When governments make mistakes in awarding
environmental licenses that lead to pollution, they
become legally responsible for cleaning up the mess
they've made. R. L. Rudiger:
In light of rising government involvement in
environmental protection, it is possible that the
state could be held liable for environmental
damage in some cases. Extra responsibility
arises only in the absence of proper
authorization. Administrative law can help, and
there may be legal recourse for improper
licensing or oversight”, [40].
According to Hikmahanto Juwana, "government
agencies are often entangled in disputes due to
issuing permits and licenses for company
operations," suggesting that the government can be
included as a defendant in environmental dispute
lawsuits. "For the sake of the public good, courts
have the authority to withdraw permits and licenses
without requiring payment of damages”, [41].
Due to loopholes in its implementation,
environmental law frequently leads to government
engagement in litigation, whether in the role of
plaintiff, enforcer, or defendant, [42]. At least until
it's put into action. Based on the author's research, it
is the duty of the state (and the government
specifically) to guarantee that its inhabitants can
reside in an environment free from hazards. The
duty of the state (and the government specifically)
to guarantee that its inhabitants can reside in an
environment free from hazards is ratified by
government regulation instead of Law No. 2 of 2022
on job development ("law 32/2009"), which
guarantees that "everyone has the right to a good
and healthy living environment as part of human
rights". The term "air pollution" is defined as "the
entry or inclusion of substances, energy, and/or
other components into the ambient air by human
activities, so that the ambient air quality drops to a
certain level that causes the ambient air to not fulfill
its function," according to Government Regulation
No. 41 of 1999 on Air Pollution Control ("PP
41/1999").
Air pollution from forest and land fires has led
to a smog calamity, producing ambiguous air that is
unable to do its job. Article 1365 of the Civil Code
establishes citizens' entitlement to a safe and healthy
environment as a tort actionable against the state or
government.
In this particular citizen litigation, the plaintiffs
are a group of Palangka Raya city residents who are
Indonesian nationals.

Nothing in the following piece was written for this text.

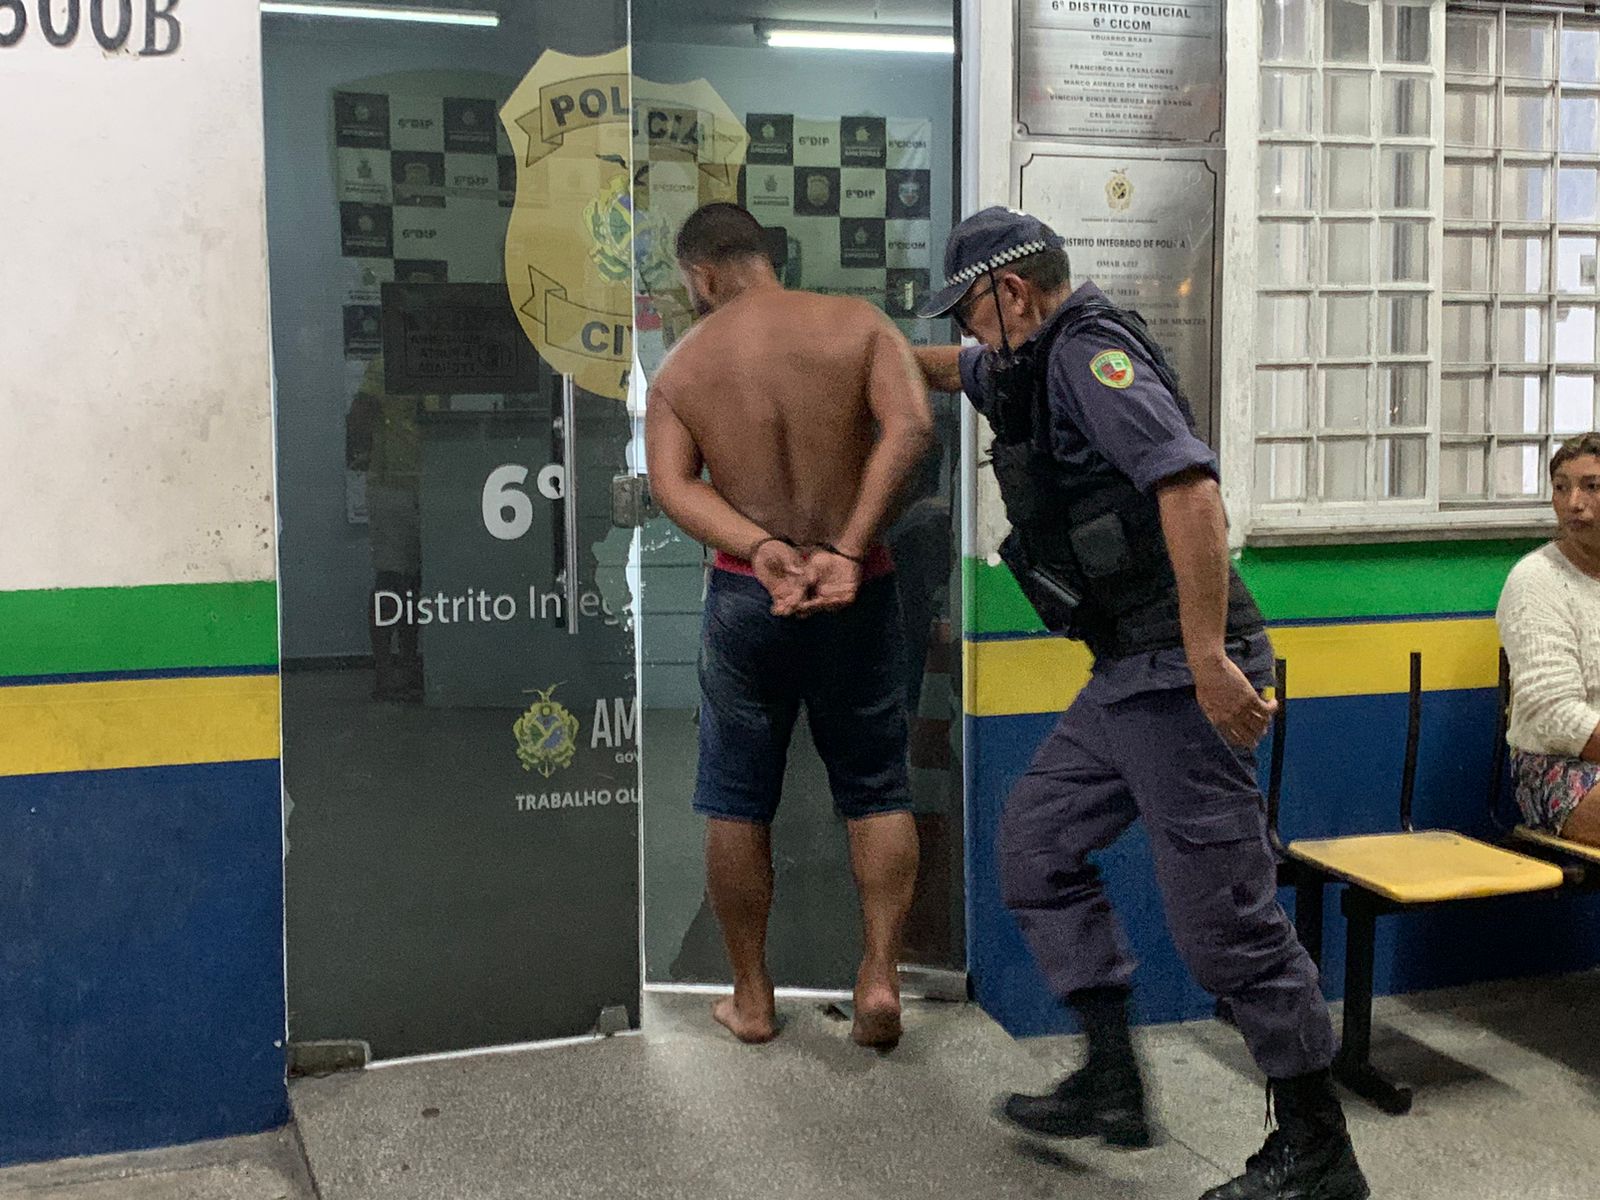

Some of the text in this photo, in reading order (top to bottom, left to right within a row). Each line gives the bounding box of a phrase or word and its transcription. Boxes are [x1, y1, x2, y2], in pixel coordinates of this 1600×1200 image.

These defendants are the
President (defendant I), the Minister of Environment
and Forestry (defendant II), the Minister of
Agriculture (defendant III), the Minister of Agrarian
and Spatial Planning (defendant IV), the Minister of
Health (defendant V), the Governor of Central
Kalimantan (defendant VI), and the Provincial
Parliament of Central Kalimantan (defendant VII) of
the Republic of Indonesia.
In the massive forest fires that have occurred
since 1997, the most recent of which occurred in
2015, the plaintiffs allege that the defendants have
been negligent in carrying out their duties or
mandates as rulers or state officials, resulting in
losses, both material and immaterial, ranging from
the presence of sick people to deaths due to haze,
[43].
The factors in Article 1365 of the Criminal
Code were utilized as a basis for the judge's
evaluation of the issue of smog coming from forest
fires in Central Kalimantan in 2015. Some of the
components considered in Article 1365 of the
Criminal Code include:
a. Illegal acts: The defendants—the president,
numerous ministers, the governor of Central
Kalimantan, and the DPRD—were blamed for
the repeated forest fires due to their subpar
efforts in preventing and combating the blazes.
b. Disadvantages: Smog disrupts a variety of
community activities, including schools and
airports, and links to a variety of health issues,
including respiratory distress syndrome and
diarrhea.
c. Error: consists of the defendant's carelessness
in performing obligations under the law.
d. Causal relationship (causality): The
defendants negligence worsened the forest fires,
leading to a smog calamity that had far-reaching
effects on the community.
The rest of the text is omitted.